= Roland Gutsch =

German engineer (1925–2009)

Roland W. Gutsch (3 November 1925 - 20 February 2009) was a German engineer at the German aircraft manufacturer Dornier, known as co-founder and President of the International Project Management Association, and the GMP Deutsche Gesellschaft für Projektmanagement e.V.

== Life and work ==
Gutsch was born in 1925 in Karlsruhe, as son of a physician. His education was interrupted by World War II, in which he had to take part and suffered wounds on multiple occasions. After the ending of the war obtained a degree in business administration.

Gutsch started his career in industry in 1950 in the time of the reconstruction of Germany. He eventually was employed as engineer at Dornier at Lake Constance, where he spend the rest of his career. With Pierre Koch, Yves Eugene, Dick Vullinghs, Arnold Kaufmann and others in 1965 he co-founded INTERNET, a platform for project management, today's IPMA International Project Management Association. In 1979 he was the initiator and co-founder of the GMP Deutsche Gesellschaft für Projektmanagement e.V. (GPM).
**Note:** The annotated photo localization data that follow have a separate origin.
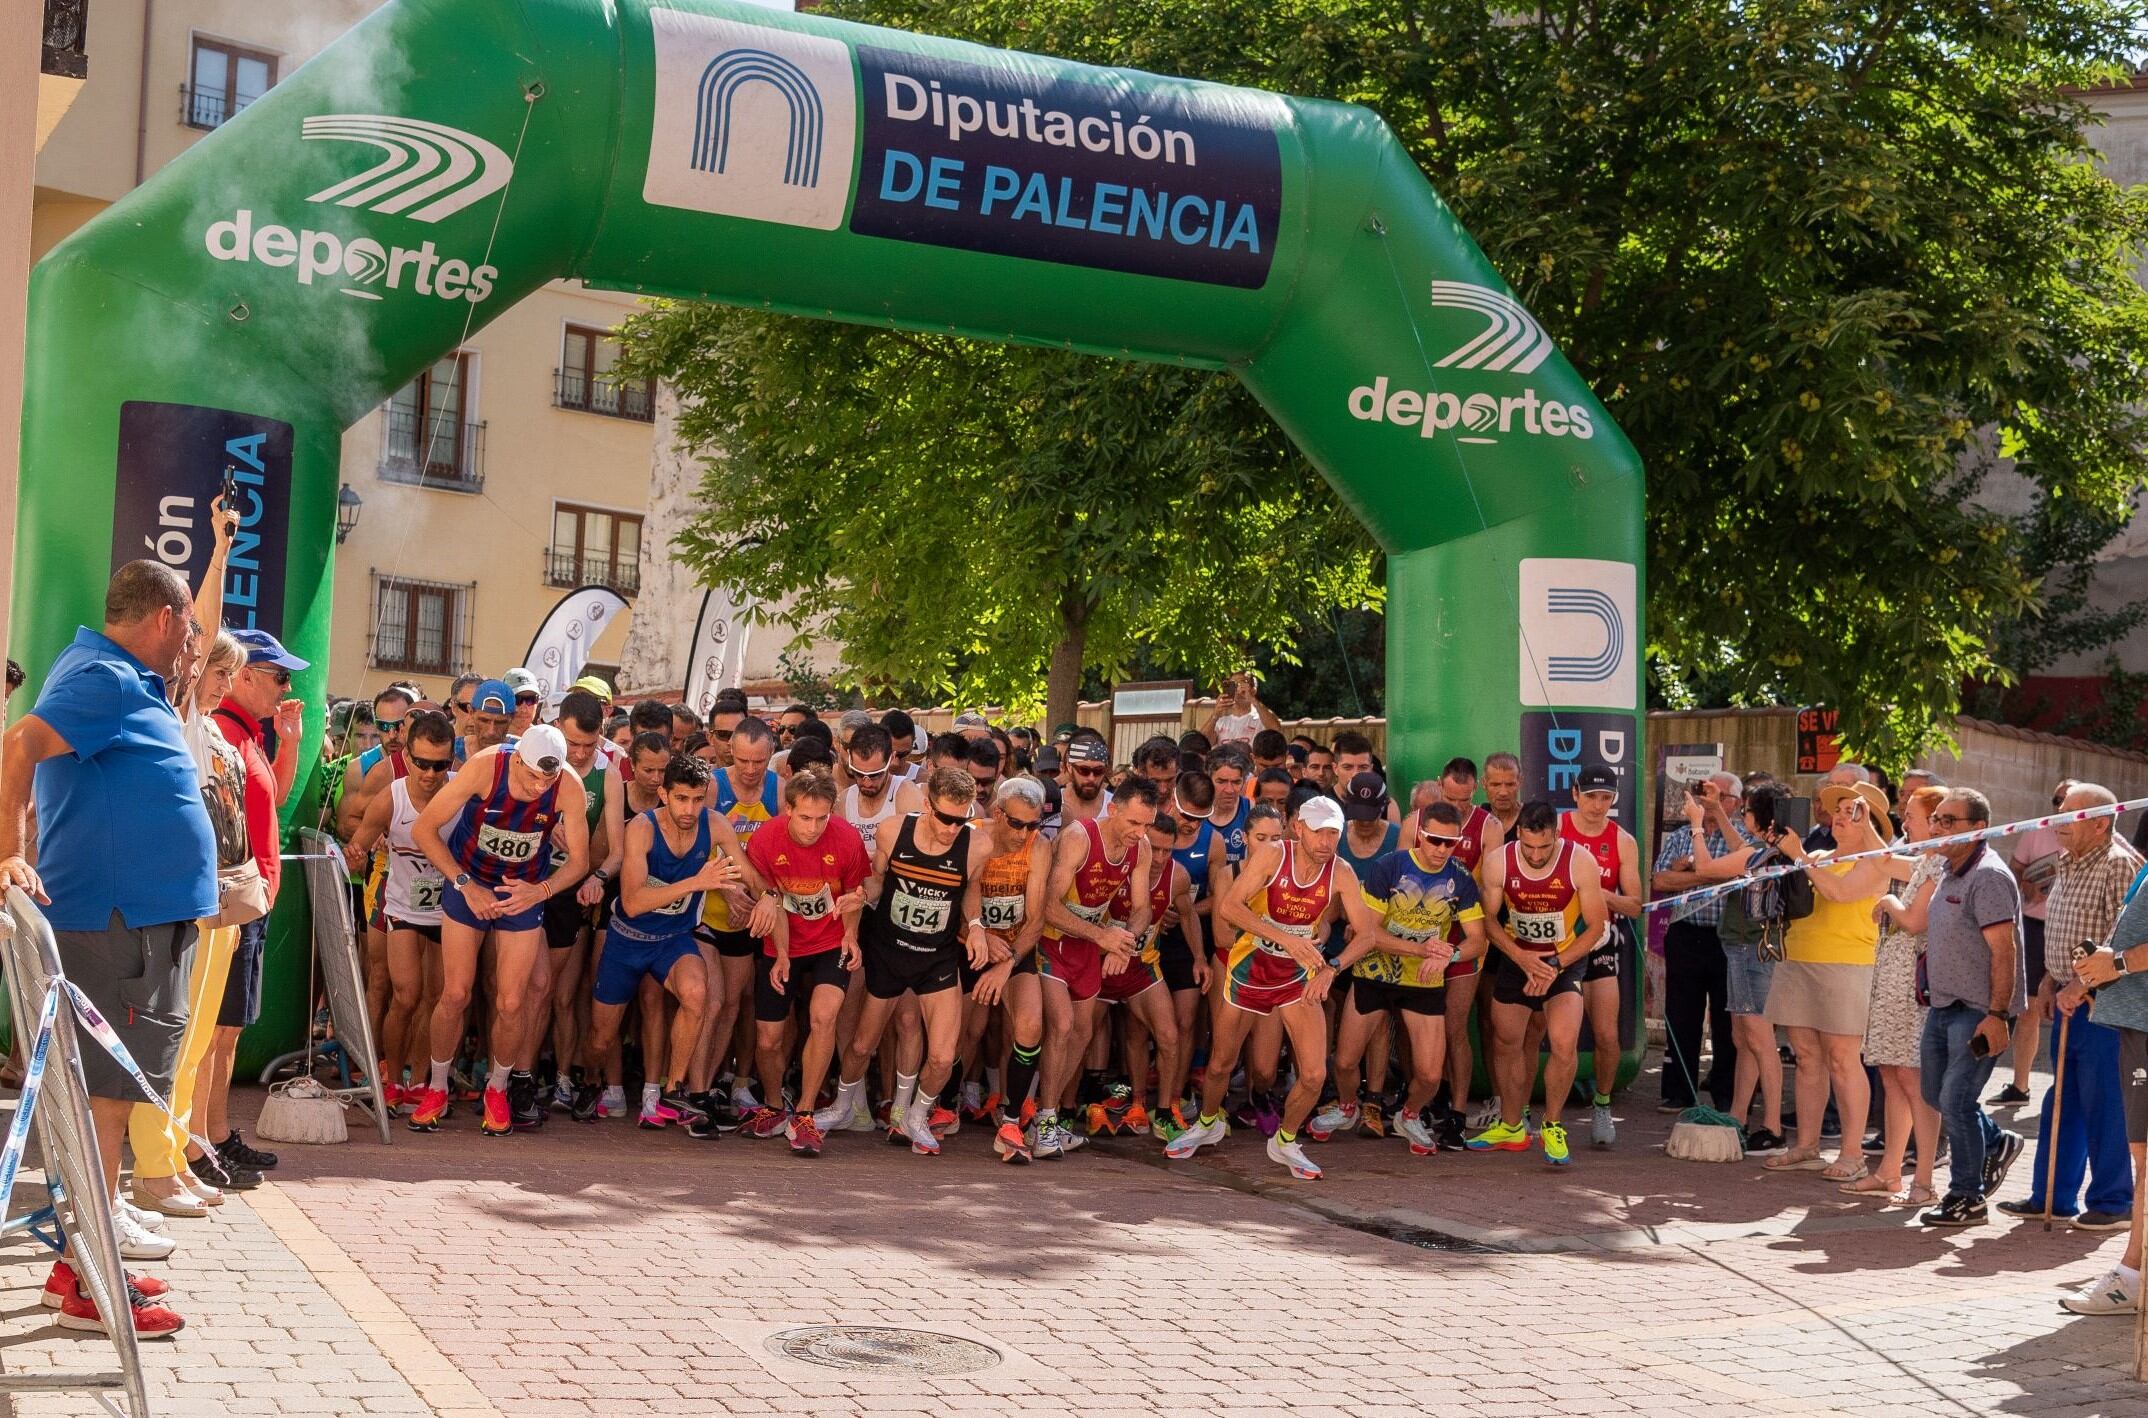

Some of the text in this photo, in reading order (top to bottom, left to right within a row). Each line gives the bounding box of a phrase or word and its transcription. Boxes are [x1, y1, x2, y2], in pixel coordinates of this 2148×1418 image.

[883, 72, 1196, 167] Diputación
[879, 149, 1261, 254] DE PALENCIA
[205, 209, 498, 303] deportes
[1348, 376, 1594, 440] deportes
[1799, 711, 1818, 732] SE
[485, 837, 531, 858] 480
[917, 886, 949, 898] VICKY
[898, 904, 940, 929] 154
[1516, 919, 1557, 938] 538
He was, among others, President of the 6th International World Congress for Project Management in Garmisch-Partenkirchen. He served as President of the International Project Management Association first from 1976 to 1979 as successor of Olof Hörberg, and from 1979 to 1982. After the Danish Steen Lichtenberg and British Eric Gabriel, he served a third time from 1988 to 1991.
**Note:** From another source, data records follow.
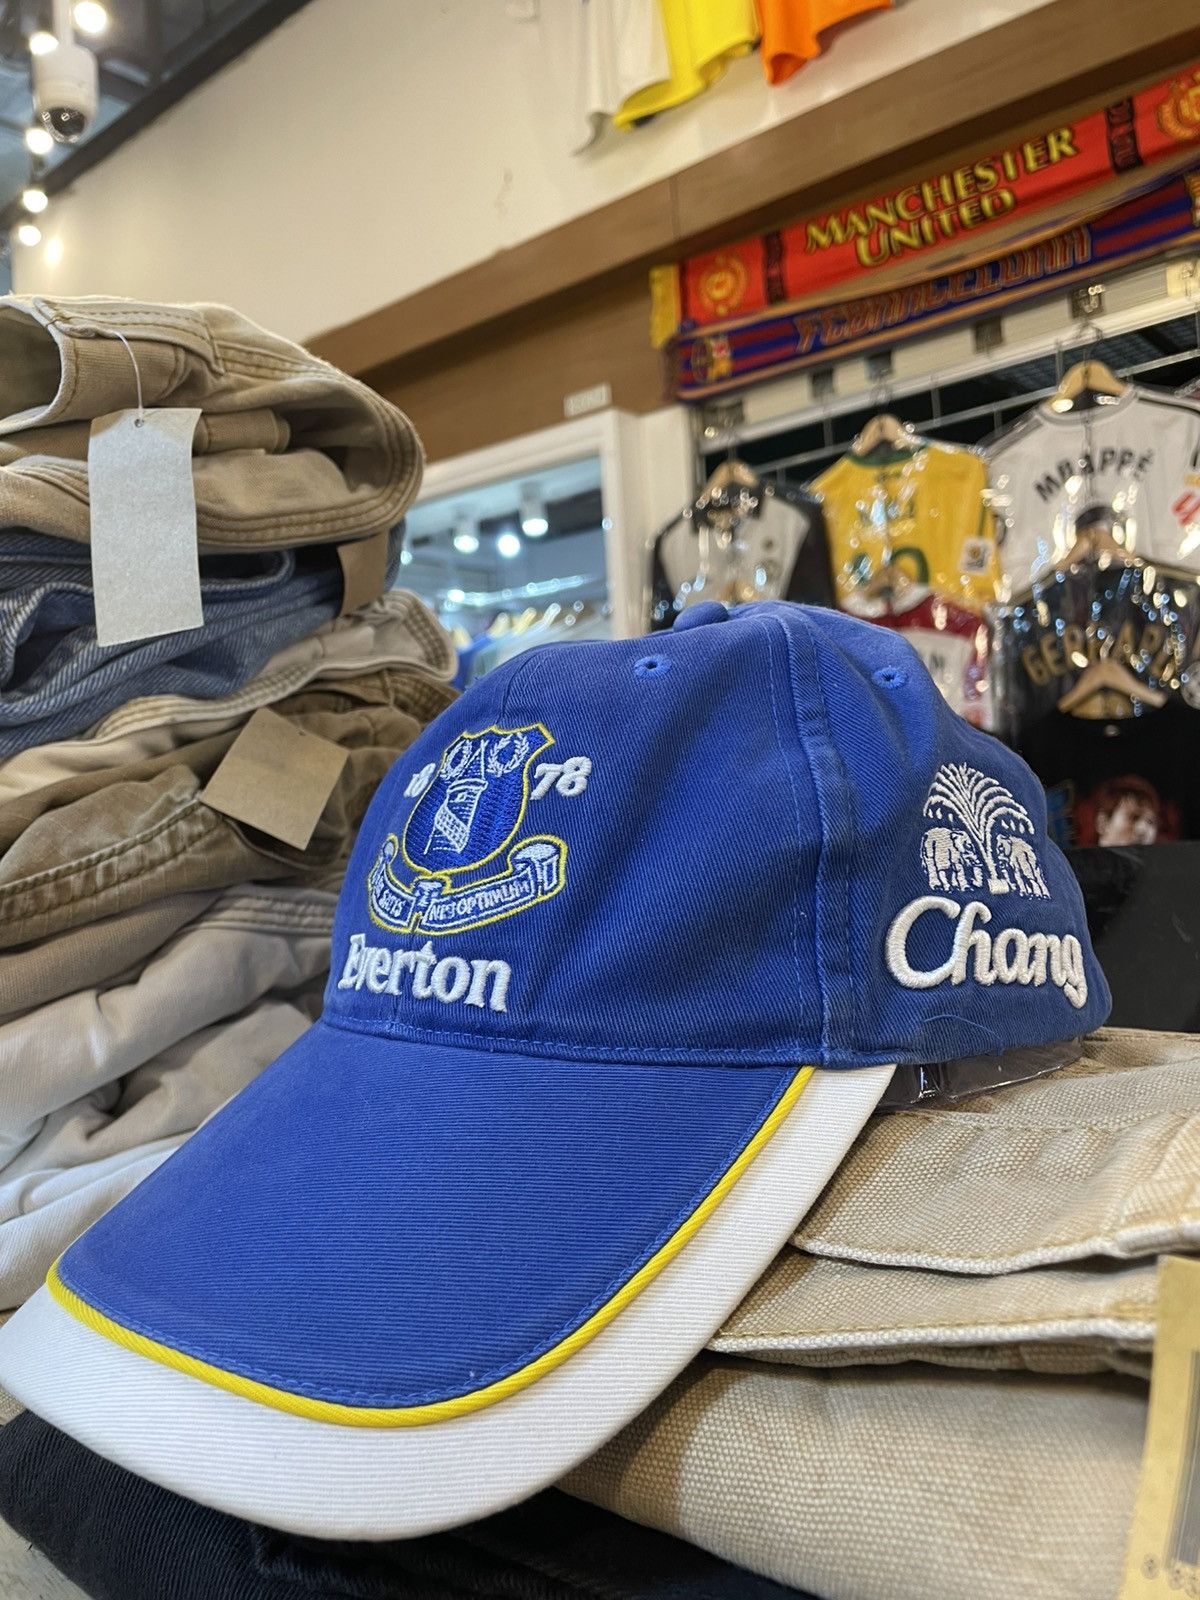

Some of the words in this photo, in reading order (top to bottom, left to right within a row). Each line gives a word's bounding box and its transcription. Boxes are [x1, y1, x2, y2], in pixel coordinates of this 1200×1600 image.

[806, 126, 1079, 254] MANCHESTER
[856, 188, 1015, 268] UNITED
[530, 756, 594, 800] 78
[337, 932, 513, 1013] Everton
[885, 895, 1089, 1009] Chang
For his involvement in project management, he was awarded the Order of Merit of the Federal Republic of Germany in 1991. He was honorary chairman of the GPM, who initiated an award is his name, the Roland Gutsch Project Management Award.

== Reception ==
Reinhard Wagner, in an appreciation of Roland Gutsch, described the role of Gutsch as engineer in the emerging field of project management as follows:

"Roland W. Gutsch was a German engineer who very early dived into the at that time miraculous world of computing. When he entered DORNIER (at that time a famous German aerospace company, now part of Airbus) he was immediately confronted with Project Management and what support computers could offer for planning and control of complex aerospace projects. He developed at that time famous PPS (Project Planning and Control System) based on network technology (PERT, CPM) and which was then used in the German industry. With his widened view on how to manage projects he substantially contributed to the development of the modern Project Management concept as we know it nowadays..."
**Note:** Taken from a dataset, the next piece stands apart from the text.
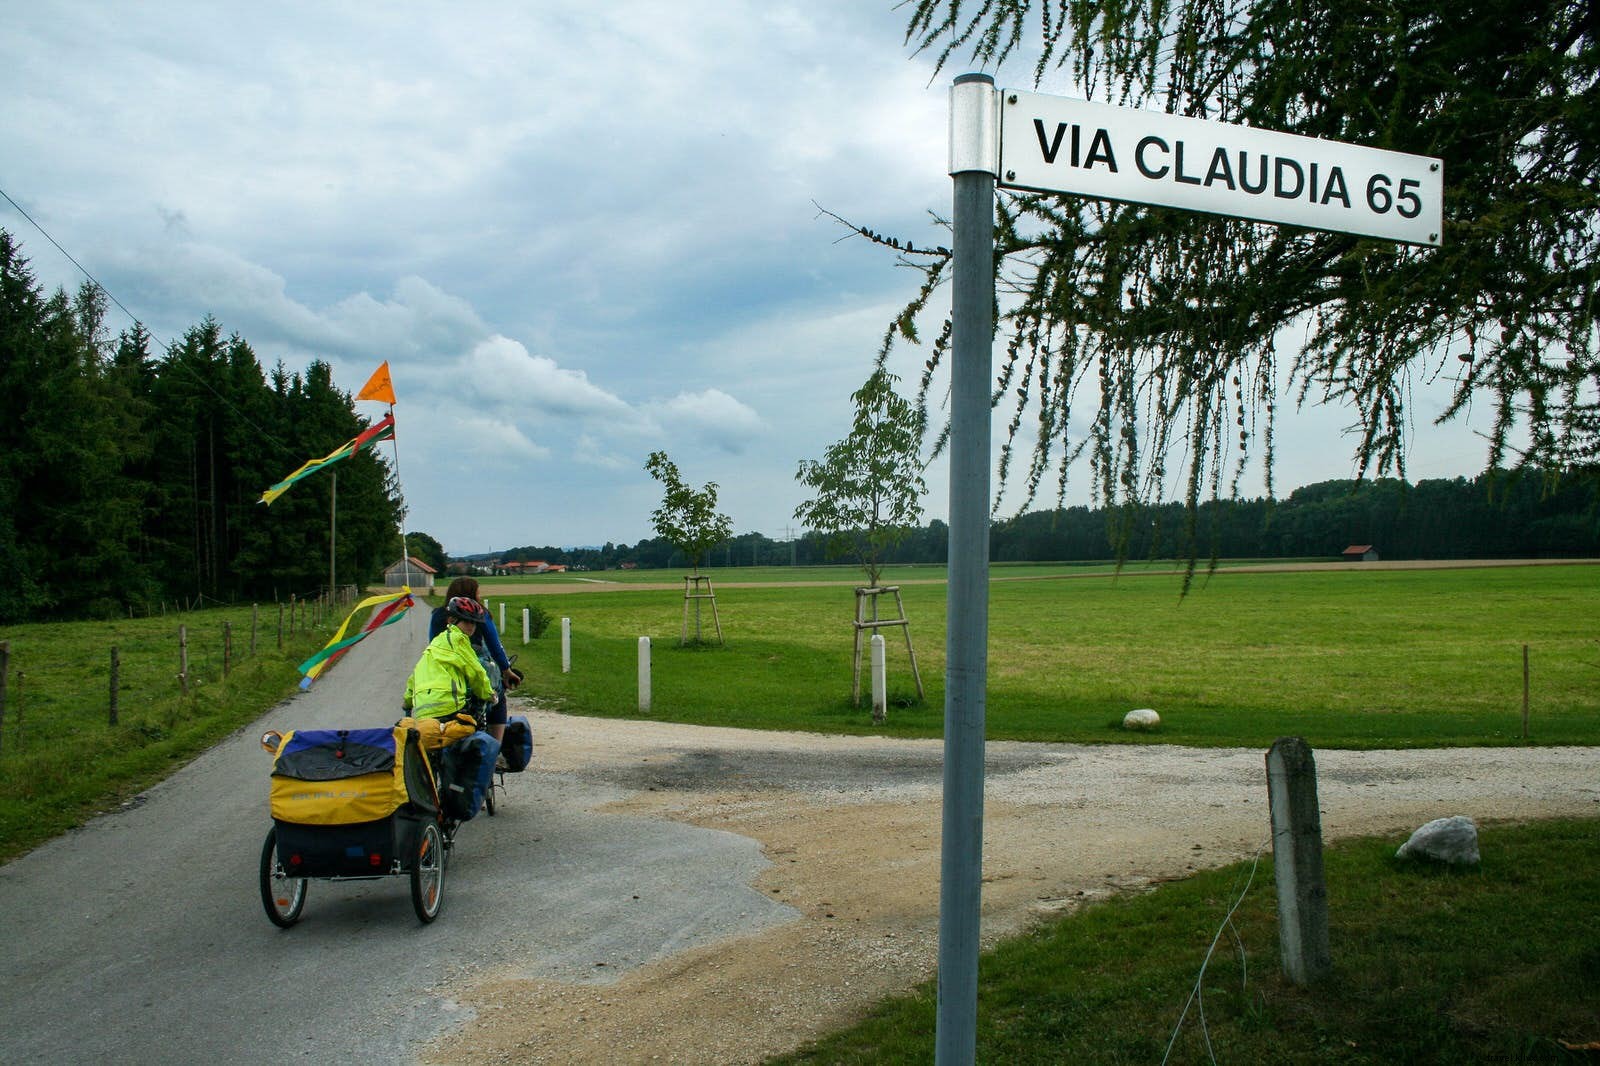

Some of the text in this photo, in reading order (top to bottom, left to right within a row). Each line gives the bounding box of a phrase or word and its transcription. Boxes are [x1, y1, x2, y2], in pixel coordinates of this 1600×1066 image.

[1033, 118, 1422, 219] VIA CLAUDIA 65
In 2013 Reschke and Schelle dedicated their book "Dimensions of project management: fundamentals, techniques, organization, applications" to Roland Gutsch. They stated:

"Roland W. Gutsch nurtured the project management idea like a living plant from the time it was identified only with network technique and aerospace and military uses to the point where it was recognized as an internationally used management discipline. INTERNET, as an international organisation of national project management groups realized under his leadership international congresses for project management, seminars for specialists, exchange of expert knowledge and technical technical literature. It was always important for Roland W. Gutsch to bring together people from various branches, various projects and various cultures. His concern was to emphasize the common interest without suppressing the individual."

== Selected publications ==
- Gutsch, Roland W. Entscheidungshilfe durch Systemtechnik. 1972.
- Dworatschek, Sebastian, and Roland Gutsch. "Wandel der Themenschwerpunkte der internationalen Konferenzen von INTERNET und PMI (USA)." (1987): 23-33.
- Gutsch, Roland W., Hasso Reschke, and Heinz Schelle. Proceedings of the 6th Internet Congress 1979. Vol. 2. VDI-Verlag, 1979.
- Gutsch, Roland W. Dimensions of project management: fundamentals, techniques, organization, applications; publication in honour of Roland W. Gutsch. Springer, 1990.
- Dworatschek, Sebastian, and Roland Gutsch. "A Multi-Media Training in Project Management Draft for a German-Russian Joint Venture TV-Project." Proceedings of the 11th INTERNET World Congress in Florence, Milano. 1992.
- Gutsch, Roland W. "Ein Beitrag über die Entwicklung und Gestaltung des Projektmanagements." Innovative Managementaufgaben in der nationalen und internationalen Praxis. Deutscher Universitätsverlag, 2001. 23-27.